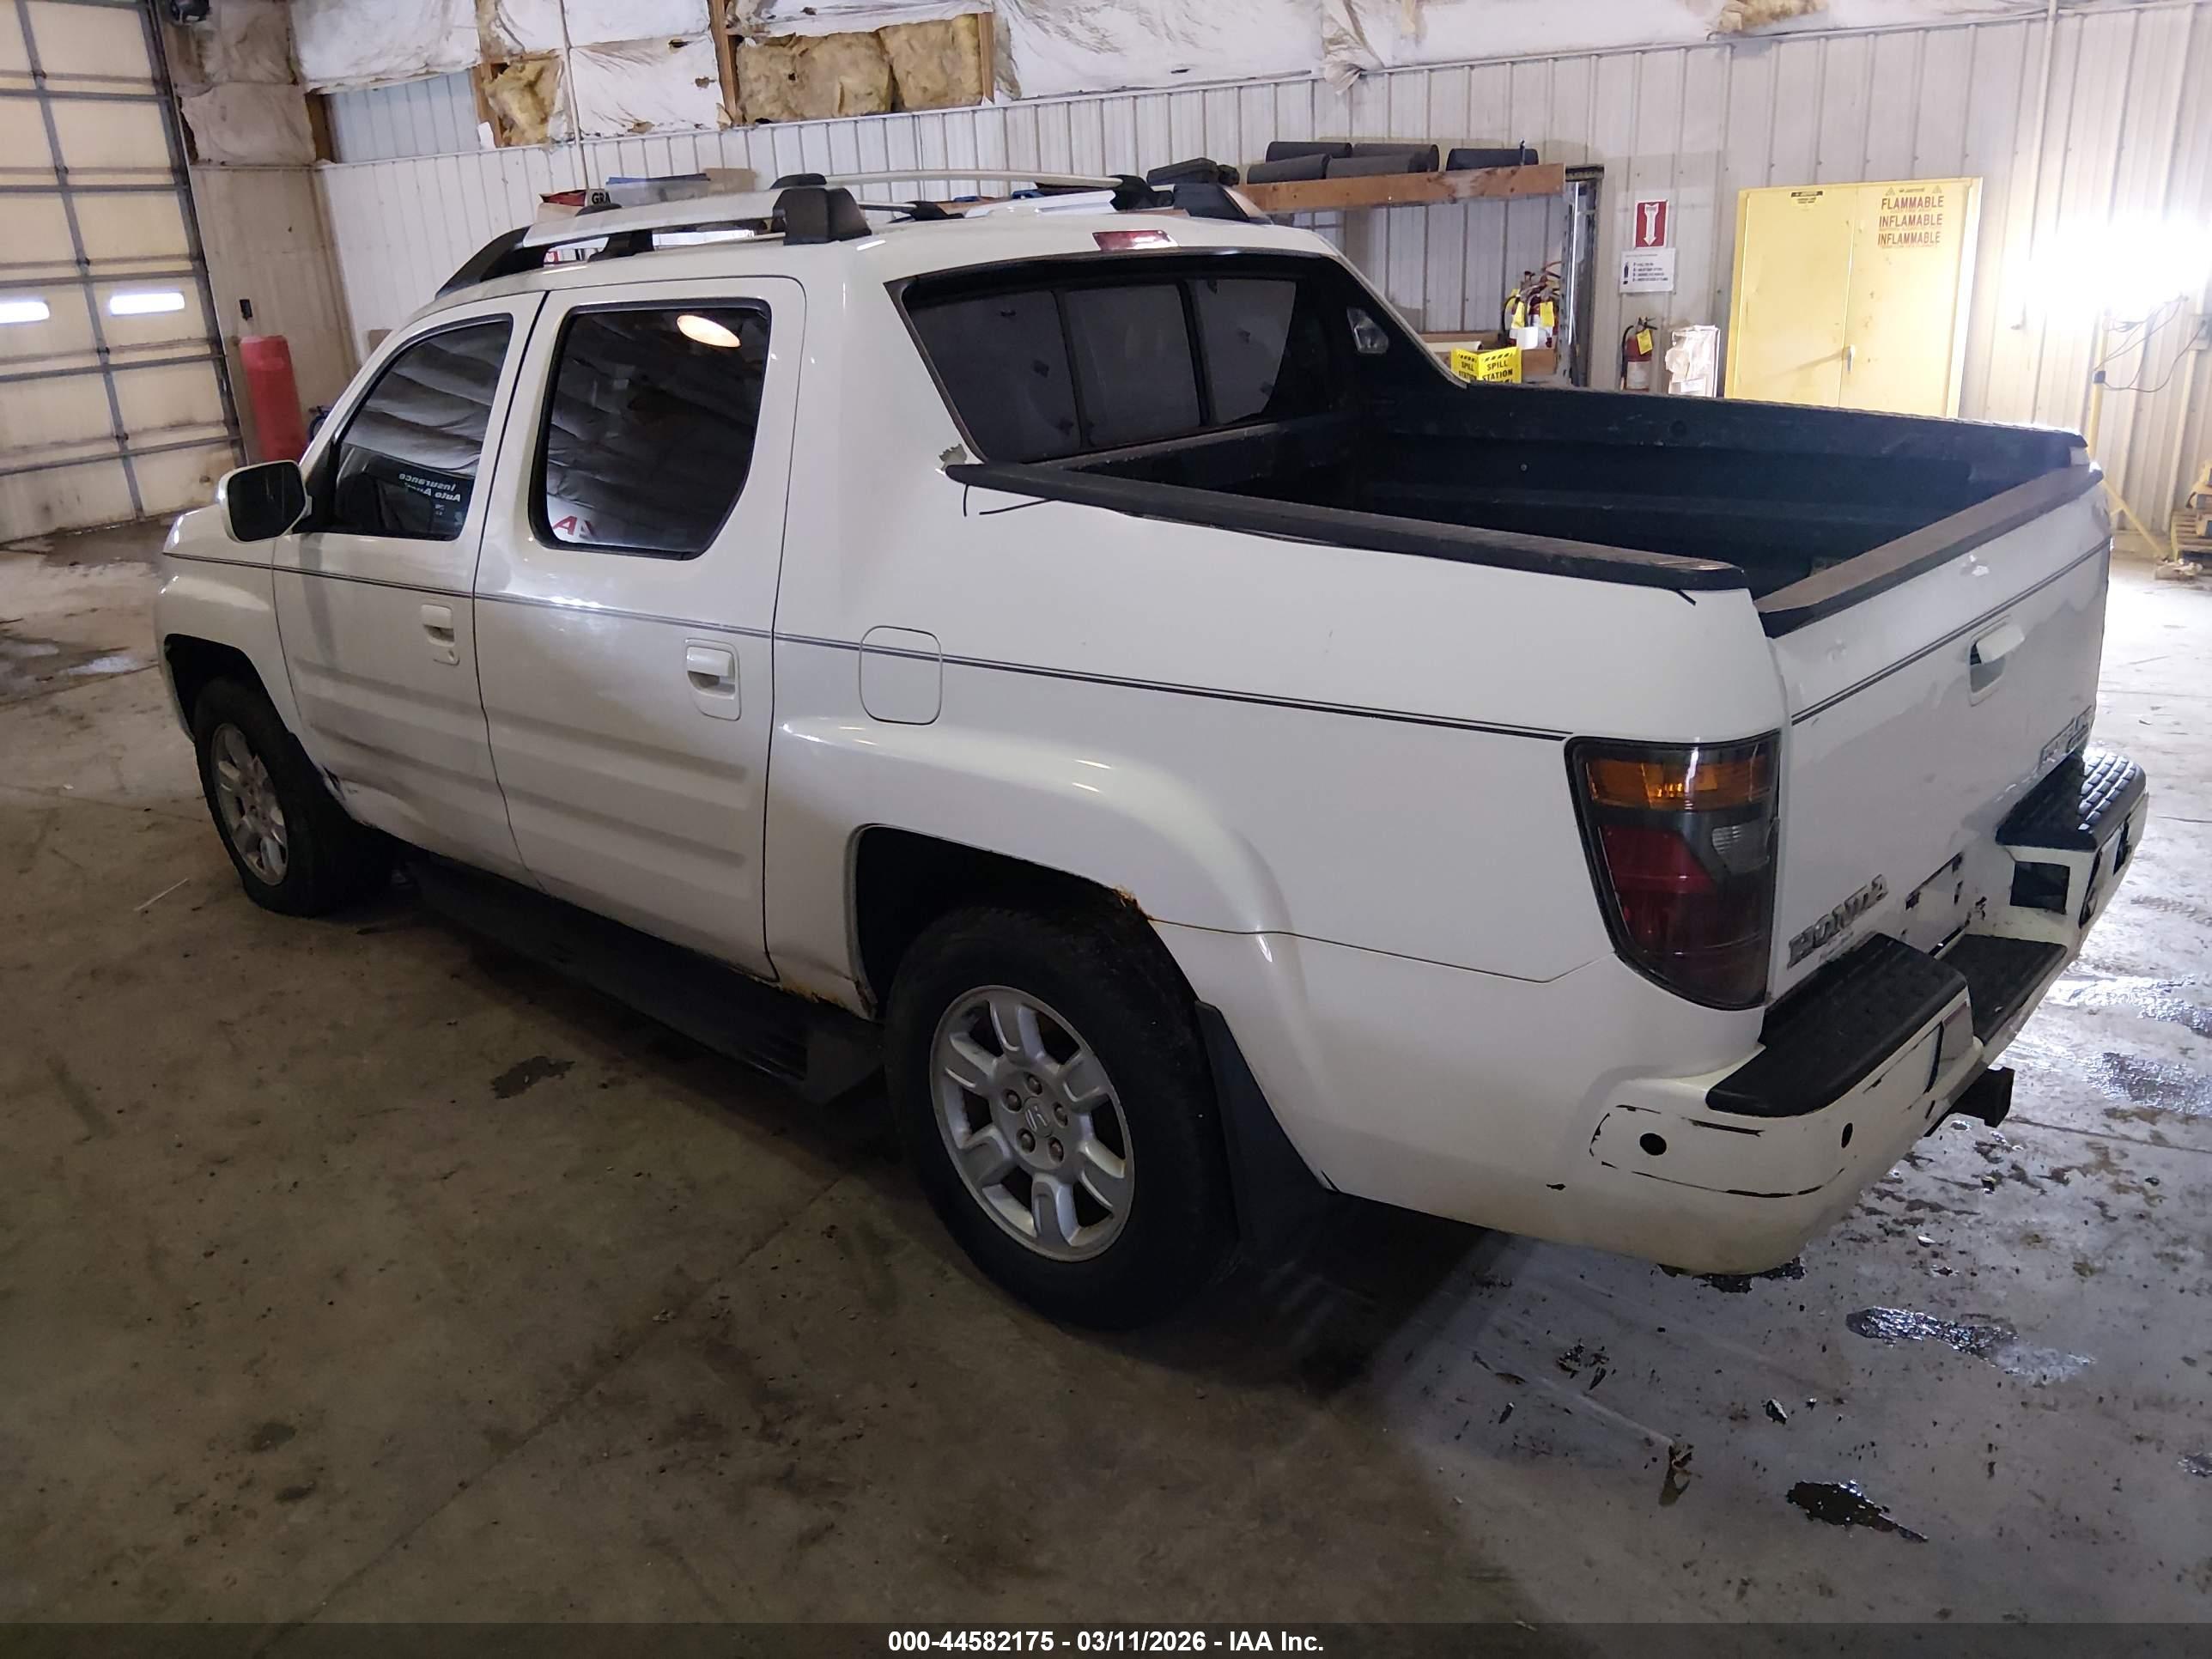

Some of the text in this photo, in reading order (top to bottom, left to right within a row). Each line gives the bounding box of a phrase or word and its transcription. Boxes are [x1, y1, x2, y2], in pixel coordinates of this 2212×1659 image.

[1881, 196, 1944, 210] FLAMMABLE
[1879, 213, 1943, 228] INFLAMABLE
[1877, 231, 1942, 246] INFLAMMABLE
[1486, 360, 1508, 371] SPILL

━━━━━━━━━━

= PROBLEM TO WORK ON =
Since the copy must hold no pictures, repeat everything else in the records exactly as written.

= SOLUTION =
Some of the text in this photo, in reading order (top to bottom, left to right within a row). Each line gives the bounding box of a phrase or word and its transcription. Boxes are [x1, y1, x2, y2], in pixel coordinates of this 2212×1659 image.

[1881, 196, 1944, 210] FLAMMABLE
[1879, 213, 1943, 228] INFLAMABLE
[1877, 231, 1942, 246] INFLAMMABLE
[1486, 360, 1508, 371] SPILL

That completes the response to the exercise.